Edra Soto’s art brings with it the fabulous look and feel of tropical architectural solutions but not always the pain and difficulty of diasporic life.
CHICAGO — Edra Soto’s sculptures are lovely places to be inside: dappled light shines through walls made of ornate blocks or windows covered in decorative screens, casting shapely shadows that mingle with the free-flowing breeze. There might be a bench to sit on, a table to play dominoes at, or an architectural essay to read. If you’re really lucky, a slice of pineapple upside-down cake or some spam-velveeta-pimiento sandwiches will be on offer.

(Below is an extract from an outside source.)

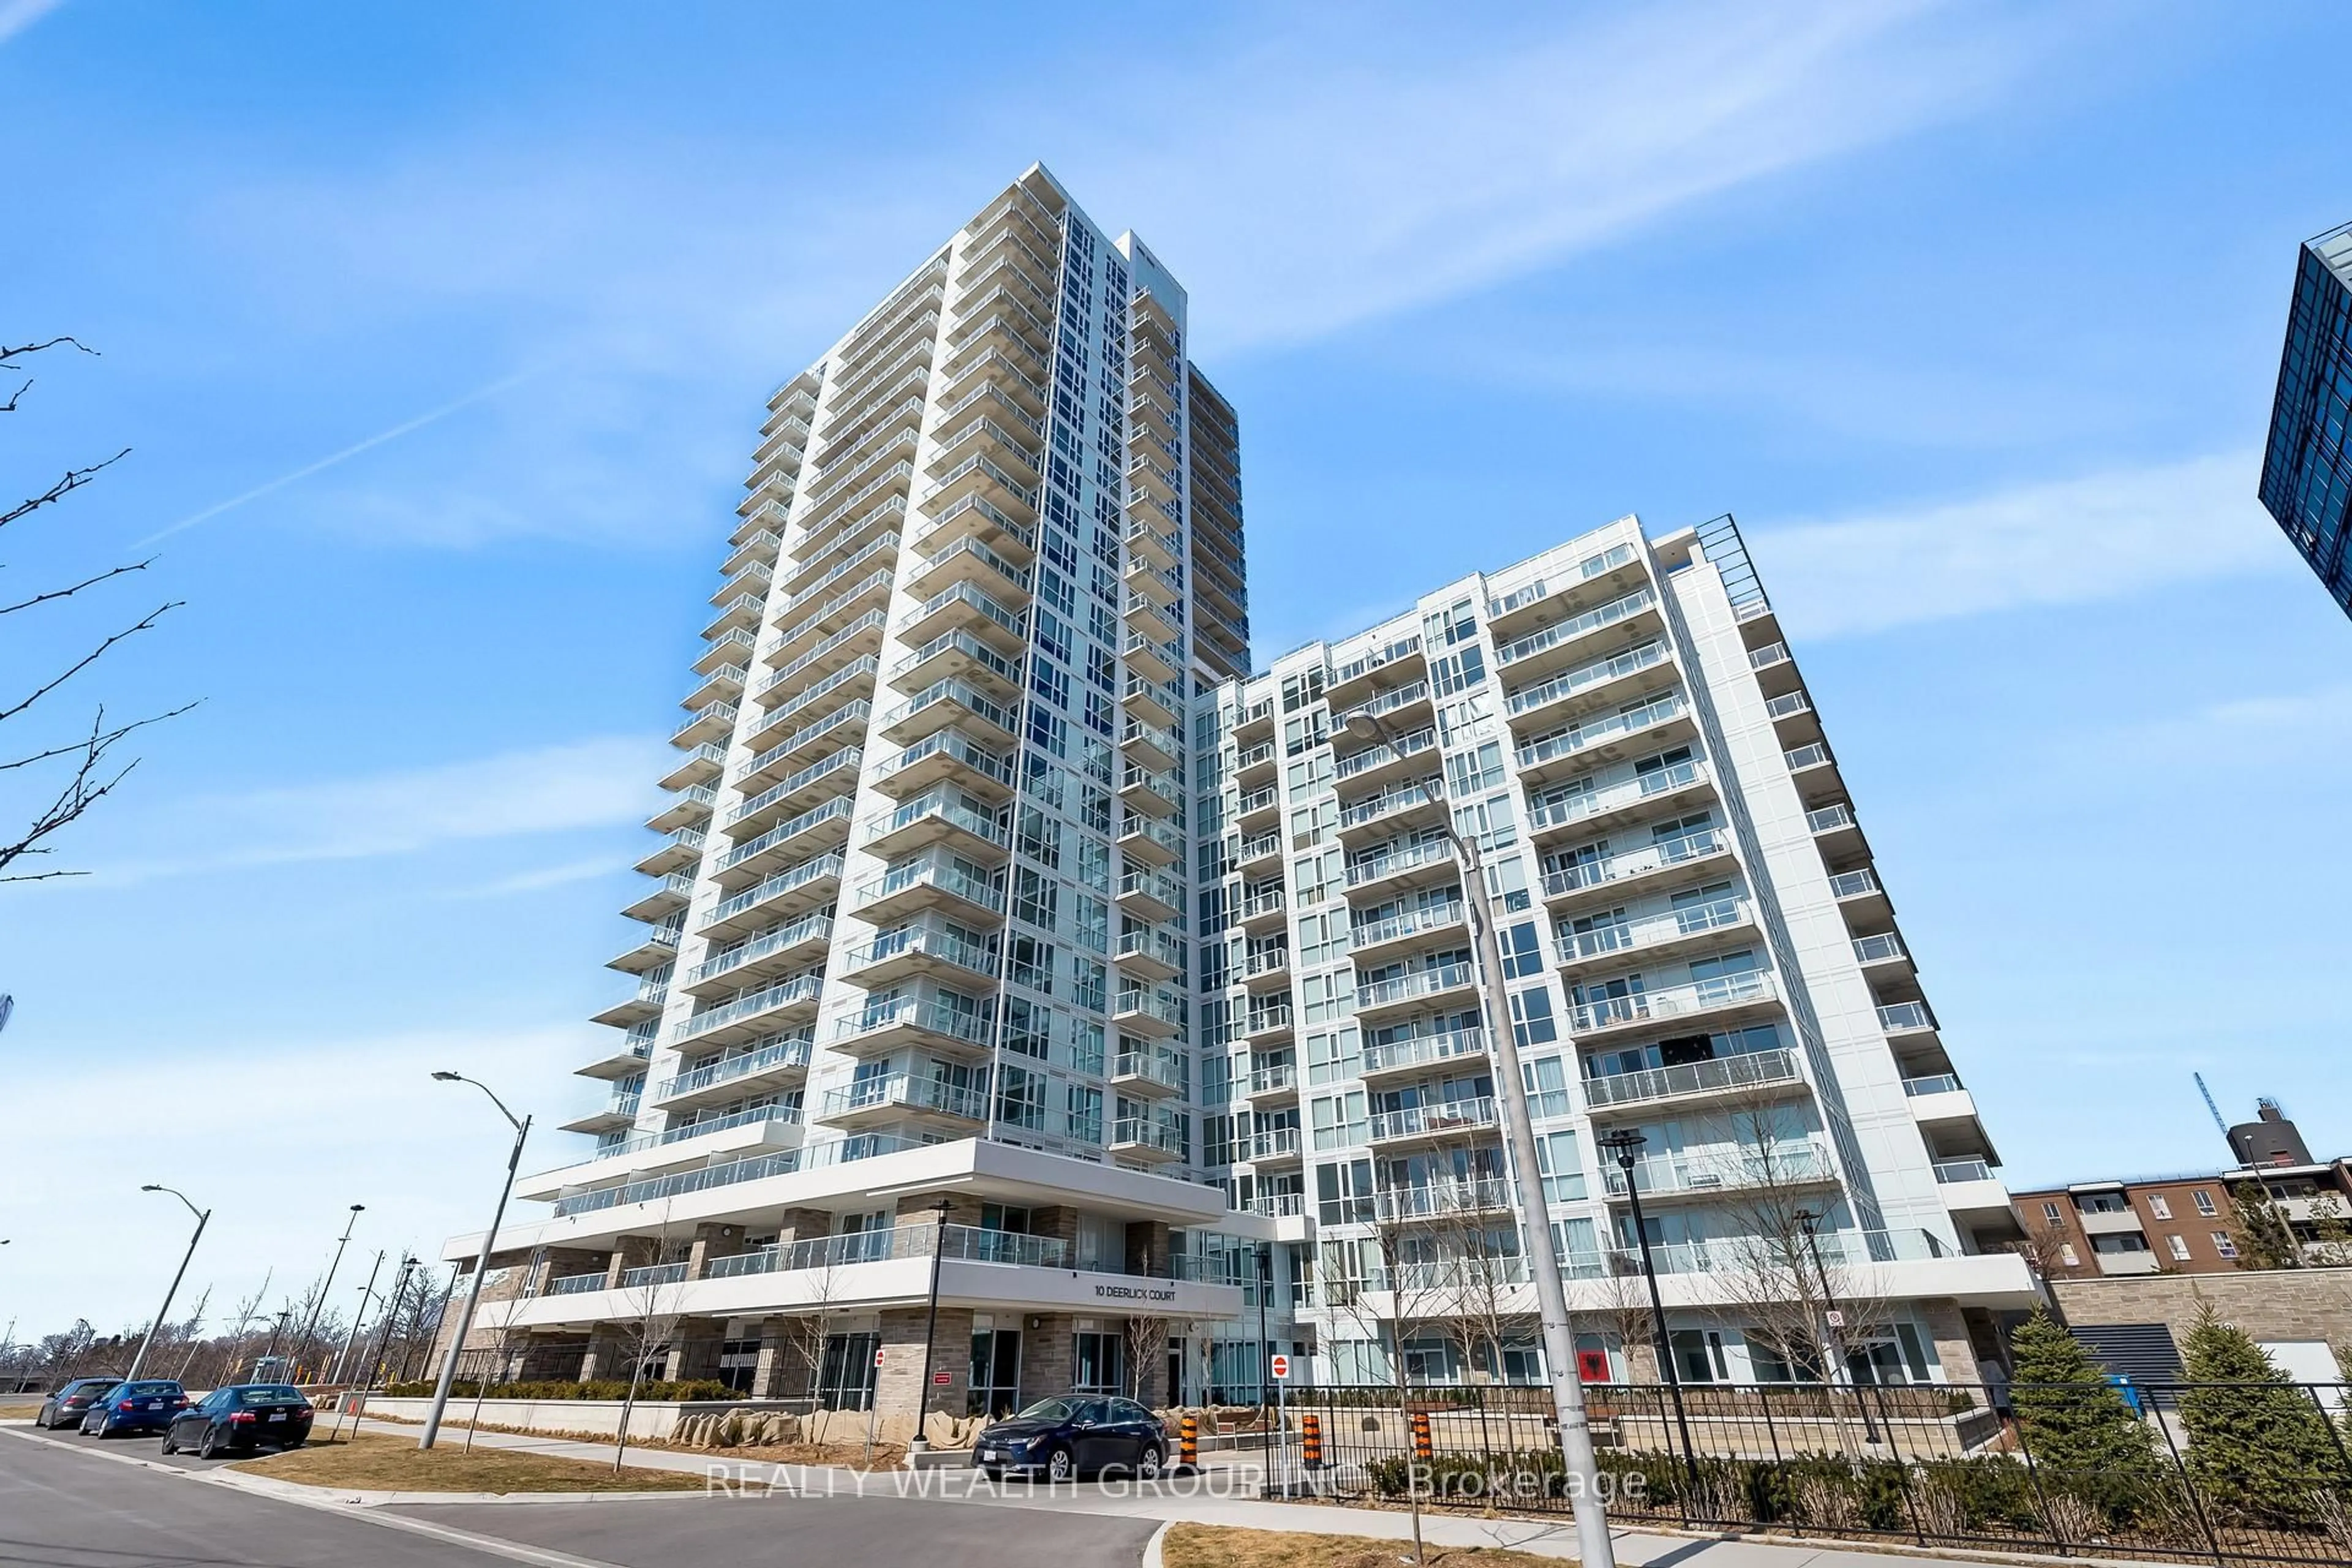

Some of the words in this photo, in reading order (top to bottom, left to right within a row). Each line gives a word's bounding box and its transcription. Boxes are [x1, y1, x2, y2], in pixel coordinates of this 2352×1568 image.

[1095, 1286, 1104, 1297] 10
[1107, 1286, 1147, 1299] DEERLICK
[1149, 1290, 1176, 1301] COURT

The mid-century Puerto Rican vibe of all that food and space is no accident. Soto, who has lived in Chicago since the late ’90s, was born in 1971 in San Juan and has for the past two decades been creating installations and events that draw on the culture of the place where she grew up and where her family still lives. She has done this in an increasingly elegant, pared-down style, whether the subject is Iris Chacon, a legendarily flamboyant ’80s television variety host who inspired Soto’s 2009 stage set of minimalistic tropical fruit-shaped benches; the US flag, which she remade in “Tropicalamerican” as a green-and-black amalgamation of tropical foliage and quilting patterns; or the domestic architecture of Puerto Rico, whose rejas (ornamental wrought-iron grates) and quiebrasoles (decorative concrete block fences) spawned GRAFT, a series of reliefs, sculptures, and standalone structures, ongoing since 2013.